Understanding the Context
Why an 150-Cubic-Inch Cone at 9 Inches Height Is Gaining Attention in the US
The interest around a cone with a volume of 150 cubic inches and height of 9 inches aligns with broader trends in US consumer awareness. Consumers today seek both functionality and efficiency—whether optimizing space, comparing product performance, or exploring design basics. This specific size frequently appears in niche DIY projects, packaging design, and educational contexts, resonating with those curious about spatial math and applications. Social platforms, especially visual learning channels and forums focused on home organization, DIY, or STEM education, highlight these dimensions as relatable challenges, fueling engagement.

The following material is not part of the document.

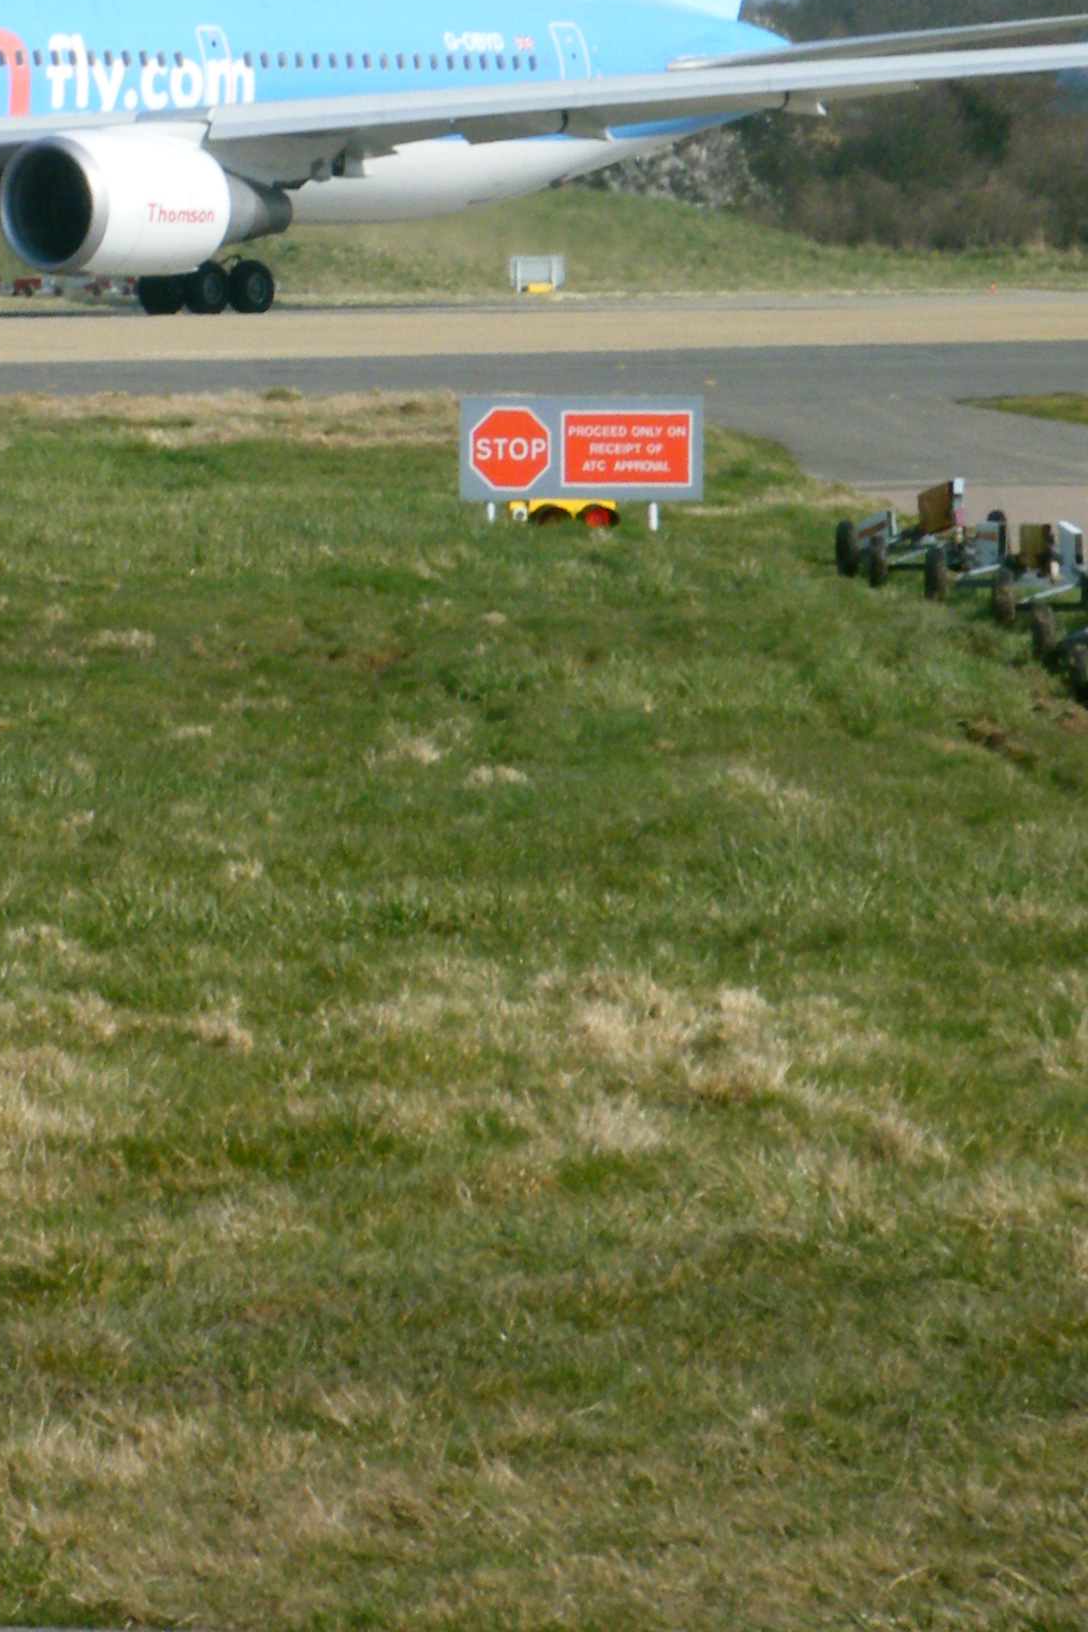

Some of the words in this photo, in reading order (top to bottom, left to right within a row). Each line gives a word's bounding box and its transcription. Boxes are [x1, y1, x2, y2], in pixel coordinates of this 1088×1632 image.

The rise of accessible, interactive learning tools further amplifies this topic, as people connect abstract formulas to tangible outcomes—proving the power of simple shapes in problem-solving.
How to Calculate the Base Radius: A Clear, Practical Guide
Key Insights
Understanding the radius from volume and height begins with the formula for a cone’s volume:
V = (1/3)πr²h
Where V = volume, r = radius of the base, and h = height.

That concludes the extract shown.